There have even been rumors that Floyd Landis, the former Postal team member and confessed doper who brought forward the most recent charges (two books and the French newspaper L'Equipe made similar allegations several years ago) may profit from this mess, under the 1863 False Claims Act, designed to root out frauds perpetrated on our government. This profit motive seems likely. How else would Landis pay for his team of Wilson Sonsini lawyers, unless there was the promise of doping booty?

I have a simple question. Who gave the Post Office license to fund a pro cycling team for half a decade? It makes about as much sense as the Coast Guard sponsoring billionaire Larry Ellison and sailing's America's Cup. Or the FBI Director Robert Mueller sponsoring the NFL's Washington Redskins. Just how many millions were wasted on this sporting spree?

More than you'd imagine. Over the years, the Post Office has diverted countless millions to lots of pet teams and sports sponsorships, finding it an effective scheme for federal officials to collect the graft of free tickets and celebrity hang time. During the cycling years, the Post Office even paid $3.7 million to the New York Yankees.

As the Lance Armstrong investigation gains steam, someone in Congress will figure out a very straightforward line of reasoning. The greatest fraud of all here was that the Post Office blew millions on its very own private professional cycling team. This would be no less absurd than the National Park Service funding polo players to galavant around the world, as Lance and company did, riding to their heart's delight on the government's dime.

But from 1996 to 2004, three Postmaster Generals peddled our stamp money to Lance -- Marvin Travis Runyon, William Henderson and then John Potter. The Post Office lost $3.8 billion last year, and Postmaster Potter recently announced he may need to cancel Saturday mail delivery and throw thousands more mailmen out of work, but a few years ago he gladly paid Armstrong and company millions to ride thousands of miles.

Armstrong never delivered any mail, and in all of those stories about "through rain and sleet and snow" I don't recall a bicycle. But in 2003, upon winning his fifth consecutive Tour de France, our nation's top federally funded rider, Lance Armstrong, received a congratulatory call from the Commander-in-Chief, George Bush and Postmaster General, John Potter.

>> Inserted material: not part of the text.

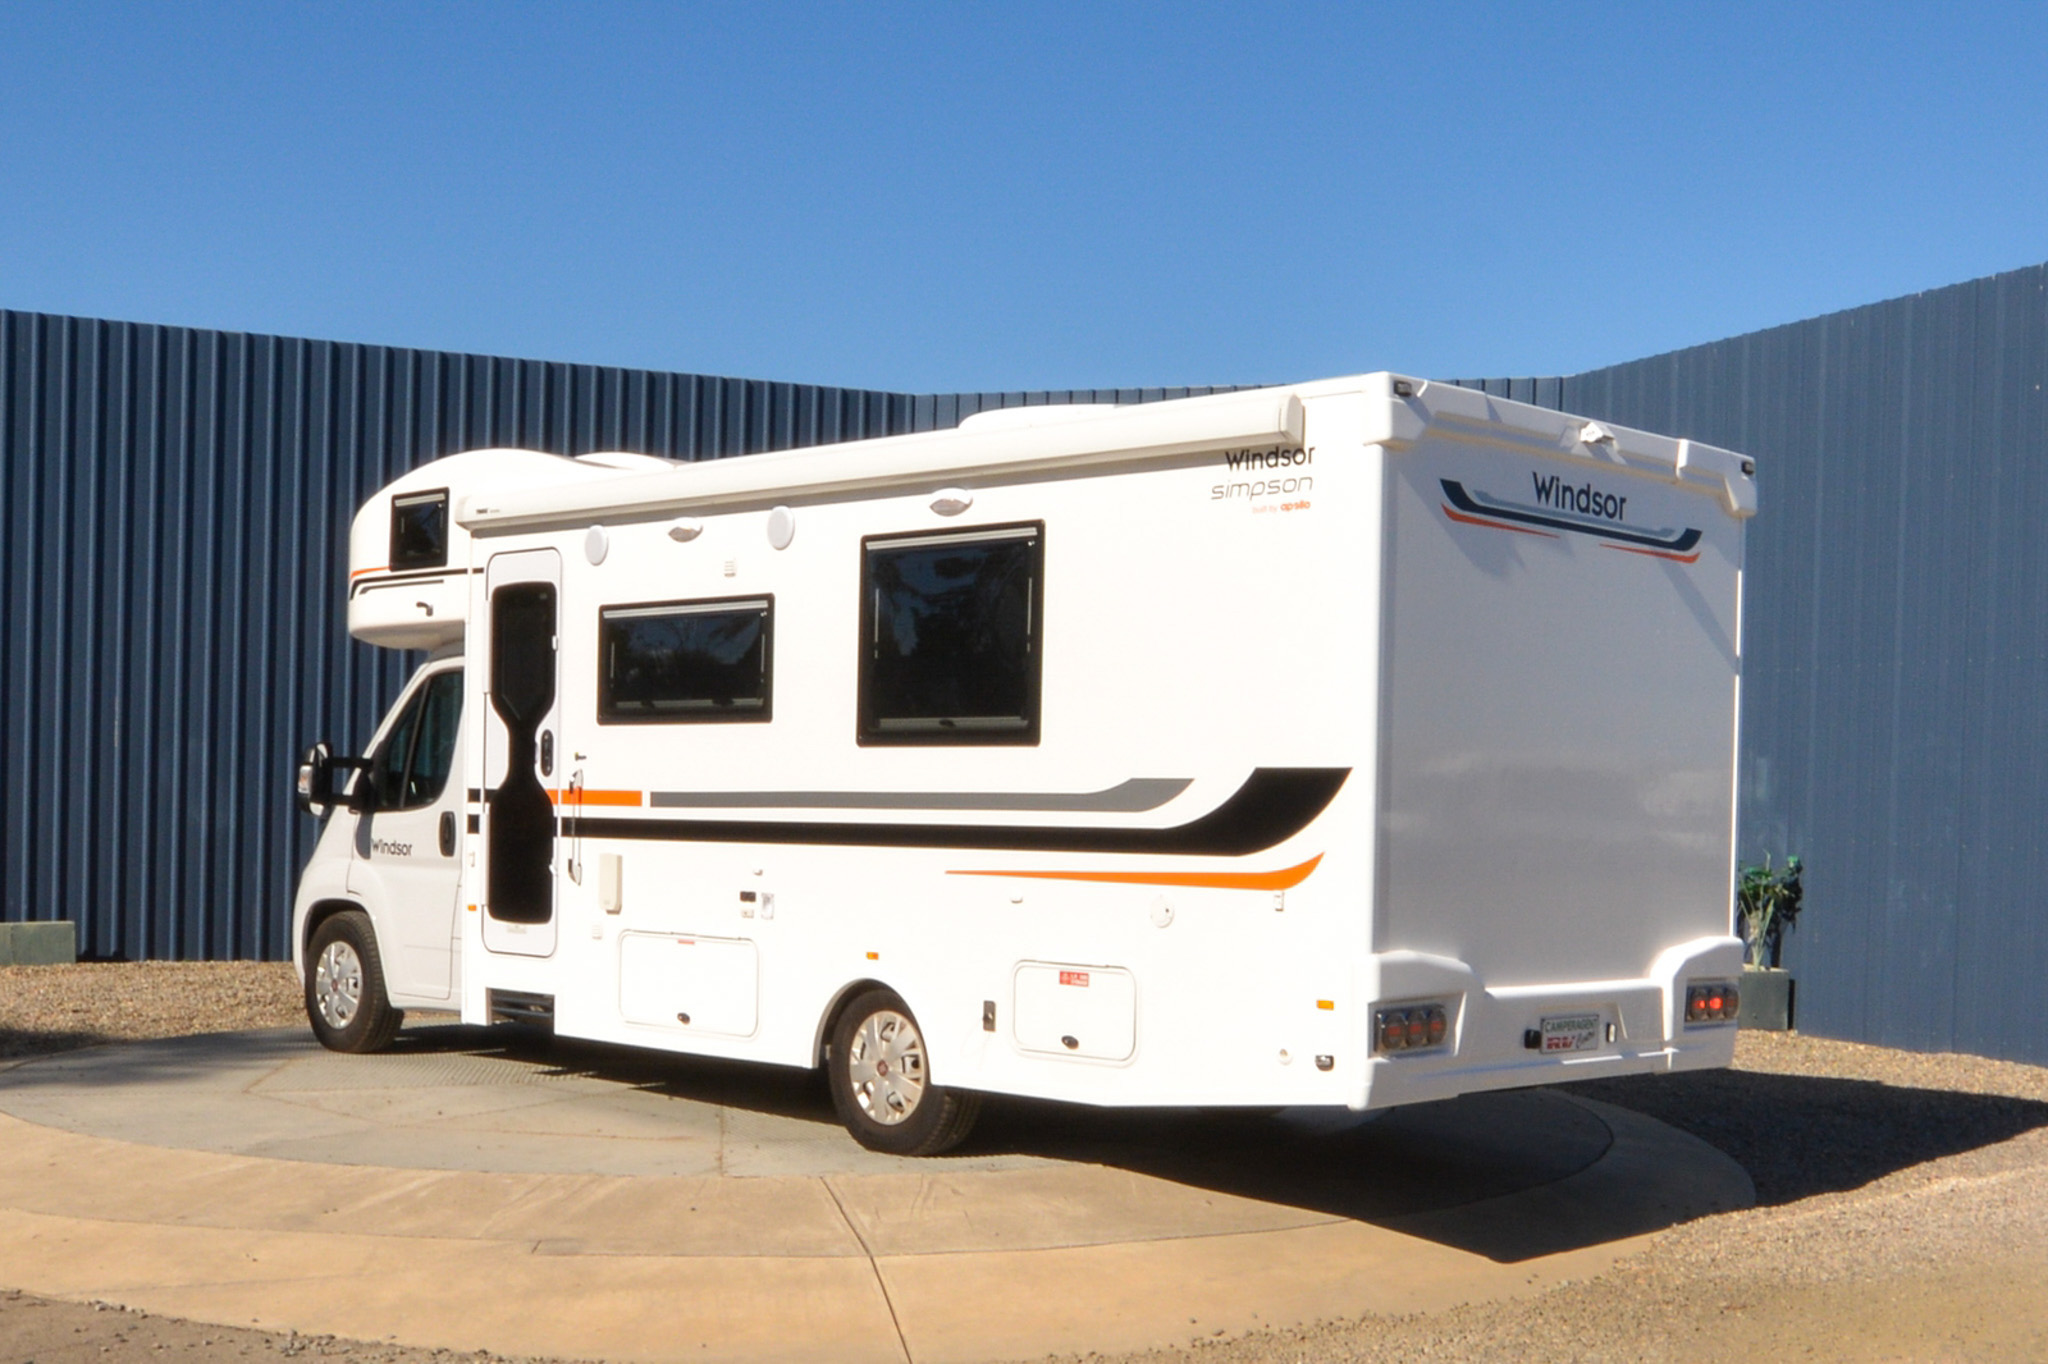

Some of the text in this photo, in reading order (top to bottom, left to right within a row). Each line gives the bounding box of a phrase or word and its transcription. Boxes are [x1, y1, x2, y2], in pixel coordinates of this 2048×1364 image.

[1225, 446, 1316, 471] Windsor
[1210, 476, 1313, 501] simpson
[1532, 471, 1627, 521] Windsor
[370, 838, 413, 856] Windsor

I can't wait to see the investigation of that money trail. What was the French travel budget? Who were the ingenious federal officials that conceived this scheme and then diverted U.S. Postal funds to a professional cycling team? Might they be the same officials who mismanaged a federal agency that is losing billions of dollars a year? As PostalWatch executive director Rick Merritt said when the sponsorship finally collapsed under public pressure in 2004, "Talk about a government boondoggle, the pro-cycling sponsorship exemplifies just how delusional postal leadership can be."

But apparently the creative federal accounting has only just begun. I've been scratching my head, trying to figure out why the beleaguered Post Office would want to be any part of this new FDA federal investigation, and believe I've figured it out. Blaming a $4 billion loss on a cyclist is masterful spin control.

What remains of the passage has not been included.